On the other hand, I still do a lot. Don't I? Maybe it's just less easy to see the value and contribution in it, because my time and efforts are scattered across so many things. I'm not producing one thing - I'm not focused on solely keeping the lettuce stocked, or writing that one paper, or running a web site. But I'm still doing all the mom duties: trying to raise my kids right, talking about values and issues with them, teaching them right from wrong, getting them off to school in the morning, packing lunches, supervising piano and homework time, cleaning the kitchen, the dining room, the living room, the bathrooms, etc., ad nauseum (albeit I freely admit, not often enough), running all the errands, getting everyone to medical appointments, running carpool, getting the kids to and from their various activities, picking up the groceries, cooking the suppers, doing the dishes. 

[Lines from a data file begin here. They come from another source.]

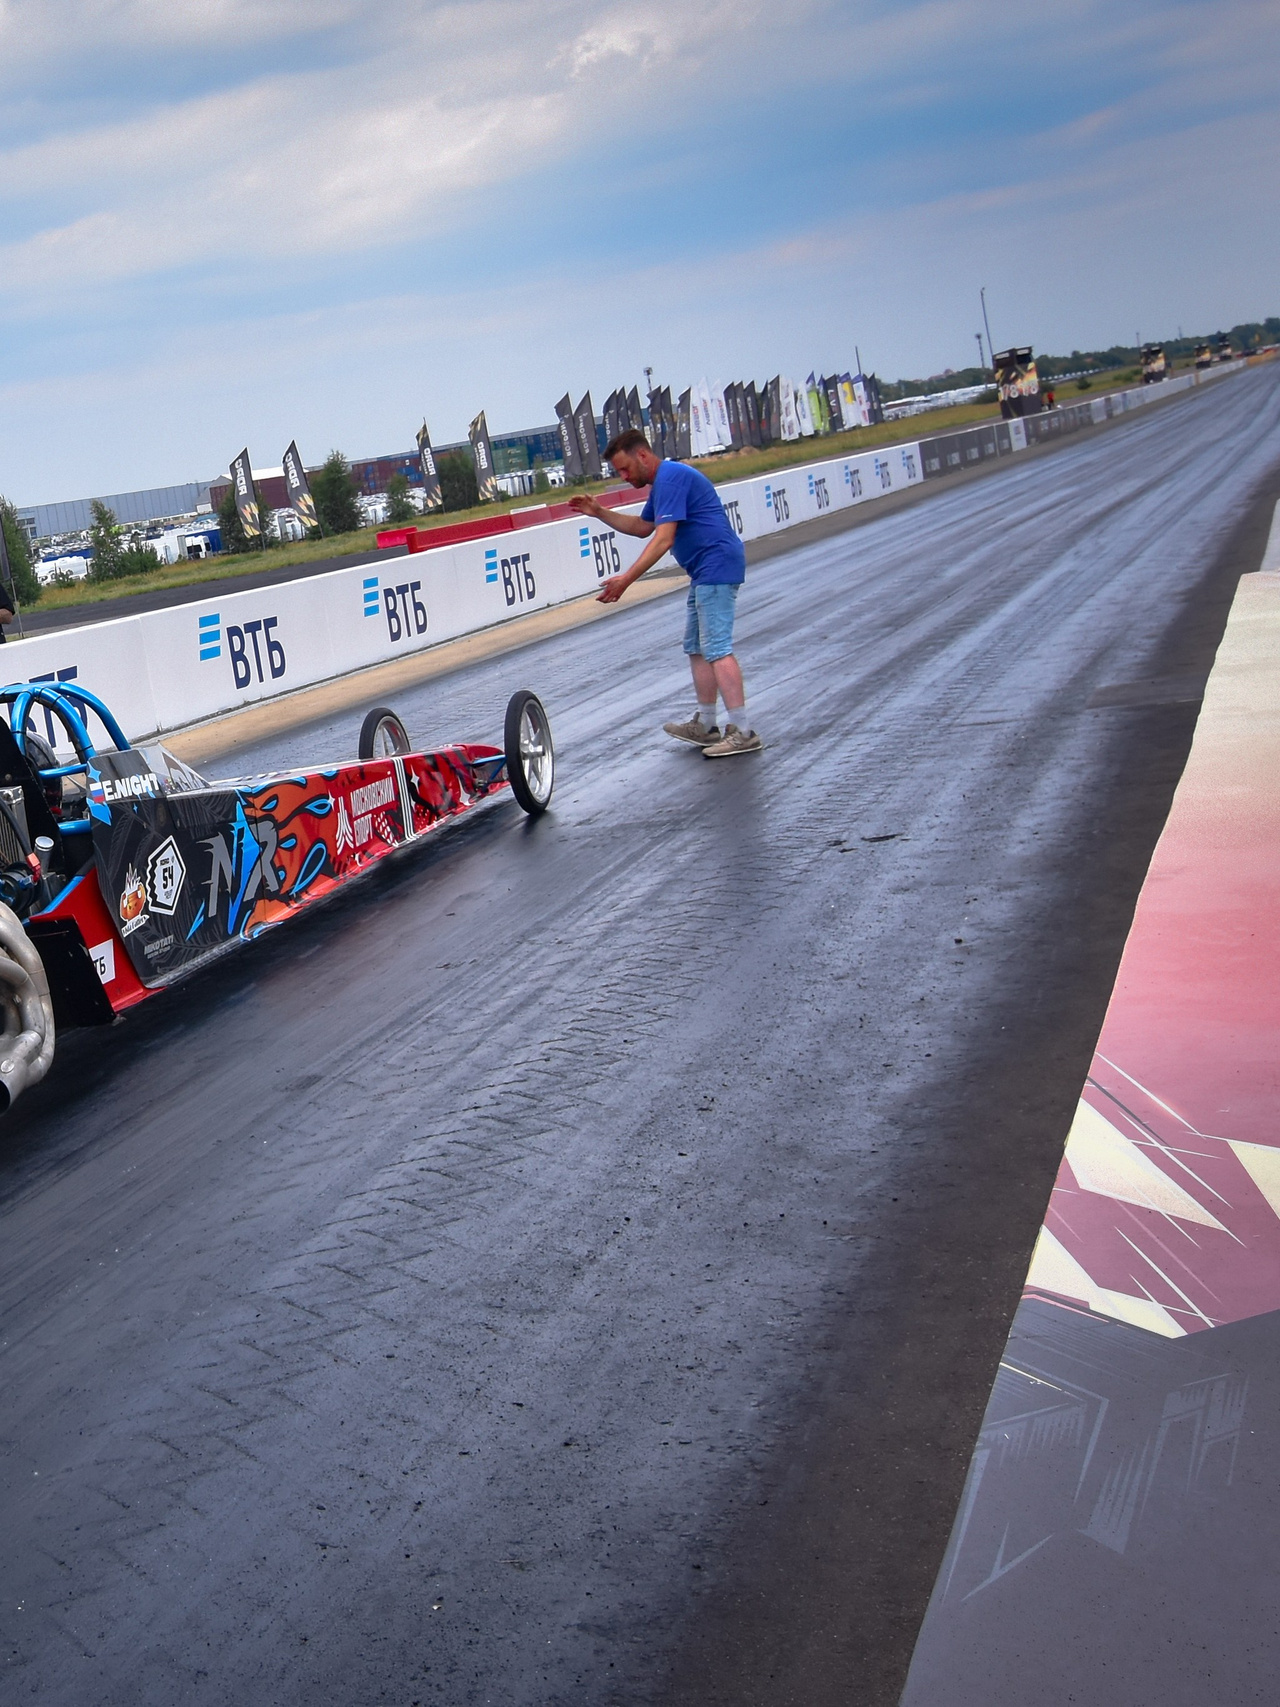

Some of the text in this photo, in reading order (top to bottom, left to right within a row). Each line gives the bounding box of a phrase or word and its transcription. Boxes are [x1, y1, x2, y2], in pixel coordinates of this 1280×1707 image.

[772, 489, 789, 523] ВТБ
[814, 478, 829, 509] ВТБ
[592, 531, 620, 578] ВТБ
[500, 553, 536, 606] ВТБ
[383, 580, 428, 642] ВТБ
[226, 616, 286, 690] ВТБ
[102, 773, 159, 801] E.NIGHT
[353, 813, 373, 847] СПОРТ
[162, 865, 174, 890] 54
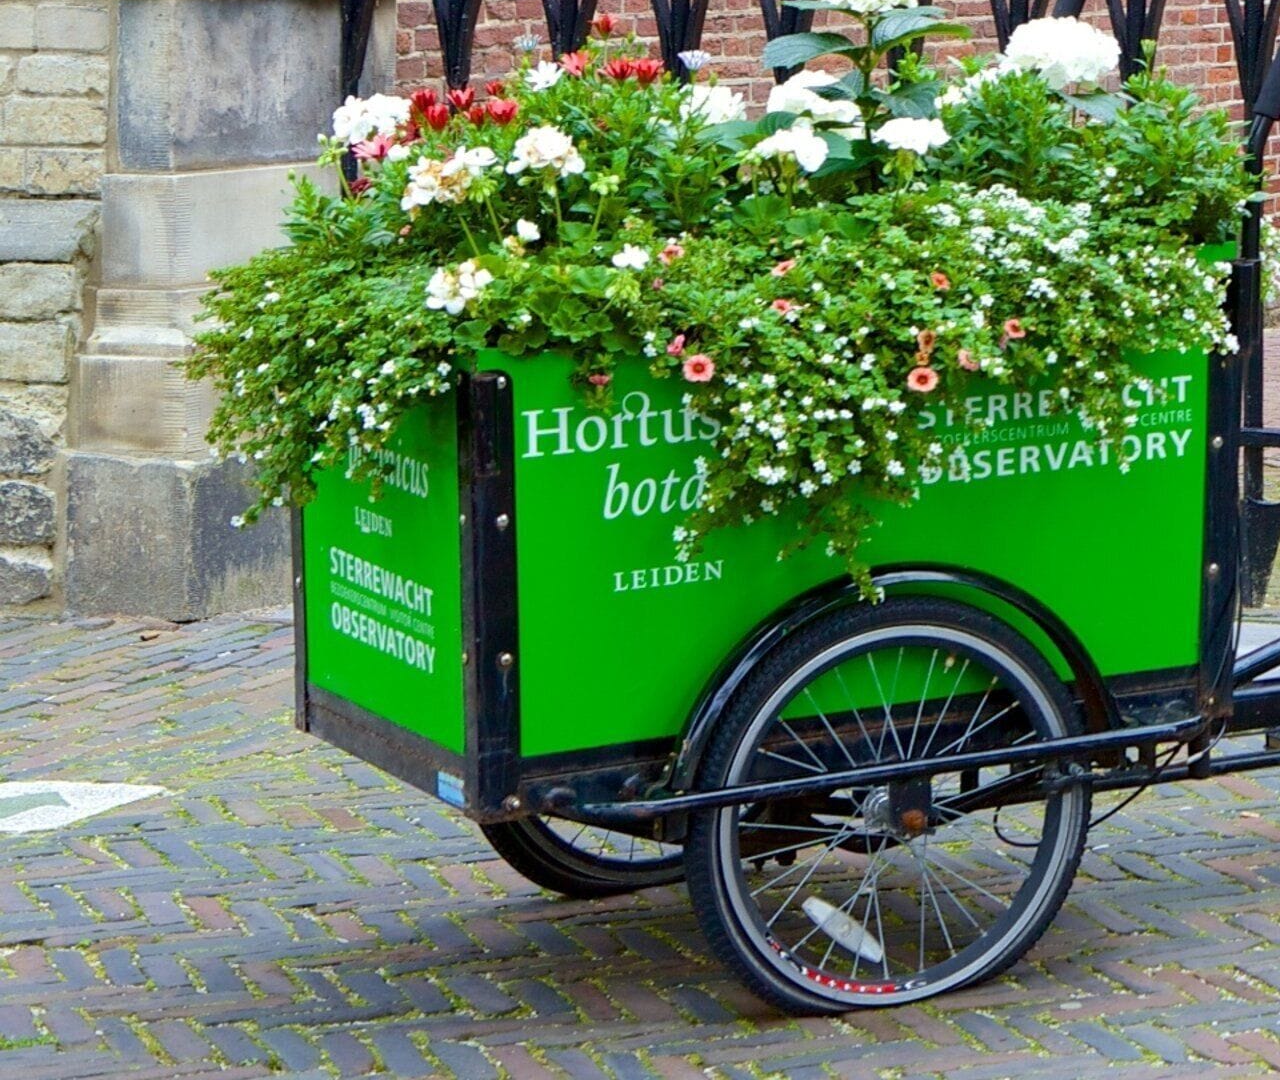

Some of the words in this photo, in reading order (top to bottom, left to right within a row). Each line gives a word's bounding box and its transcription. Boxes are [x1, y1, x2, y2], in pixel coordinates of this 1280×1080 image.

[521, 391, 721, 459] Hortus
[1140, 408, 1193, 427] CENTRE
[330, 546, 434, 617] STERREWACHT
[613, 559, 725, 593] LEIDEN
[331, 601, 436, 674] OBSERVATORY

I also am fairly active with my kids' school, drafting the school newsletter every two weeks, running various incentive and fundraising programs such as Labels for Education and selling Attractions books, supervising the stocking of the Teacher's Lounge, and updating their Facebook page regularly. 

So it's not as if I'm sitting on my duff every day, watching Oprah reruns and eating bon bons. But yet I feel I should be doing more. Because is it really fair for me to take half an hour to play SongPop in the middle of the day while my husband is at work? And he works hard for us - full-time as a professor, but also a part-time consultant to Carnegie Mellon, and he runs a Computer Science club at his university, coaches Ellie's soccer team on Saturdays, and frankly spends a lot more time actively playing with the kids and helping Jeff with his homework than I do.

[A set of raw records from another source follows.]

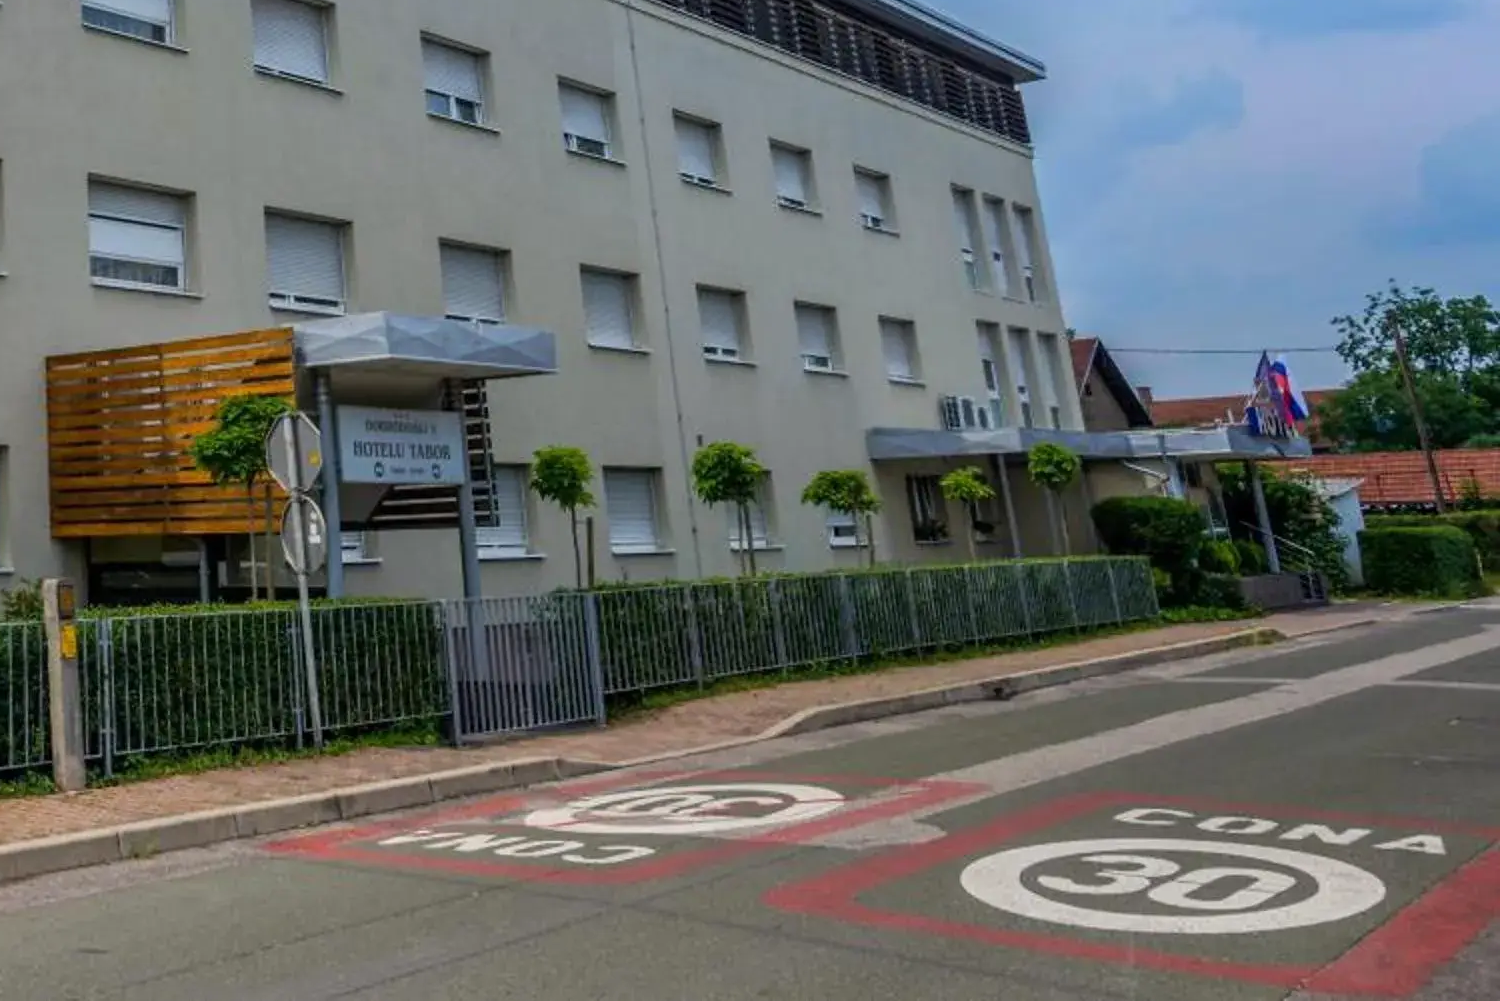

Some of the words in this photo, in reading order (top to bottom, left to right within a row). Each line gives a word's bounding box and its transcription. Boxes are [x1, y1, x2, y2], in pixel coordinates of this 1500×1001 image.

[353, 439, 405, 459] HOTELU
[409, 442, 451, 460] TABOR
[377, 830, 656, 864] CONA
[1113, 808, 1448, 856] CONA
[1035, 854, 1297, 910] 30
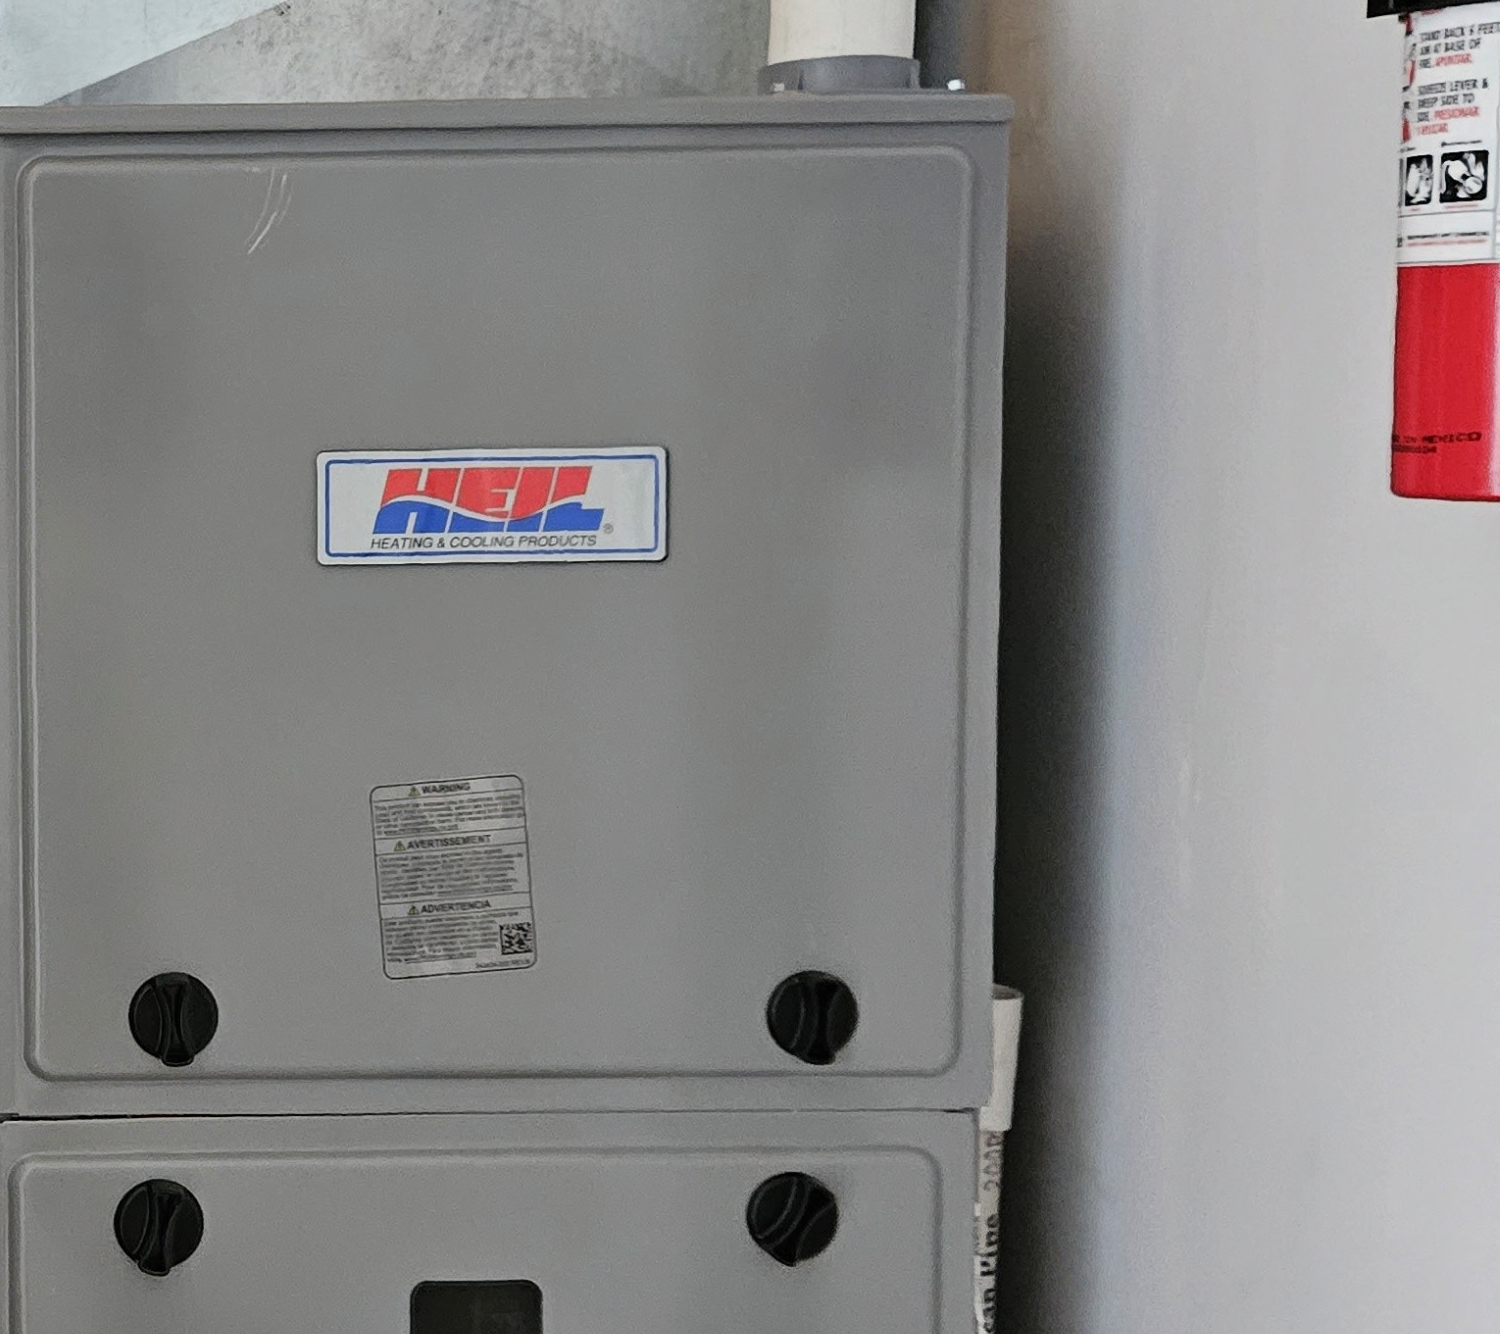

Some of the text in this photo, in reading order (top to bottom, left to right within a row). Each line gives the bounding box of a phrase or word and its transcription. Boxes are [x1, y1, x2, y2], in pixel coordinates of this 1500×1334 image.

How much free time is it O.K. to have (and/or expect)? It would be easier to measure my productivity, I guess, if I worked outside the home. Right? Because then I would have parameters, and I would have someone else's expectations which I would have to meet. At home now, I'm my own boss. When my kids were little, they were definitely The Boss, determining our schedules in so many ways, and I feel as if I gave a lot to them in terms of taking them to activities, playing with them, reading with them, doing all the things a mom does. But as they've gotten older, I've backed off some on that. Partly because I firmly believe my job is NOT to entertain them. But also partly because, frankly, I can. Now that they're 11 and 6, if I want to play CastleVille on FB for half an hour, usually I can get away with it. They can do a lot of stuff for themselves. I still do a lot for them, probably more than I should sometimes, but not nearly as much as I used to. 

And I feel guilty. I feel guilty that I'm sitting here right now, writing a blog post because I want to, not because I have to. I feel guilty because I assume everyone else is working harder than I am and that I should do more. And I certainly have more to do. I have an eBay business that's rather defunct at the moment, but not for lack of inventory. I have a book I'm writing that I should be writing on far more often than I do. I have other book ideas and a whole lot of research to get done for those. I have a son whose wiring is different and whose conditions I feel like I should be reading so much more about and doing so much more about than I do. So I have a lot to do. But often, like today, I just feel rebellious. I just don't want to have to work every minute of the day. Is that so wrong? 

Of course the reality is I'm NOT working every minute. This is clear. If I were, the house would be cleaner, our meals more fantastic, the yard would be well-maintained, the book would be written, eBay sales would be through the roof. Or at least that's the fantasy. Maybe my expectations are unrealistic. I don't know. I just know that I often feel so overwhelmed with everything I feel I should be doing that I just don't do any of it. Or at least very little of it. And it is easy to do that, to drop it all, when I'm not reporting to a boss. 

So is this a loss of work ethic? Am I just lazy now? 

I hate to think so. But maybe it's true.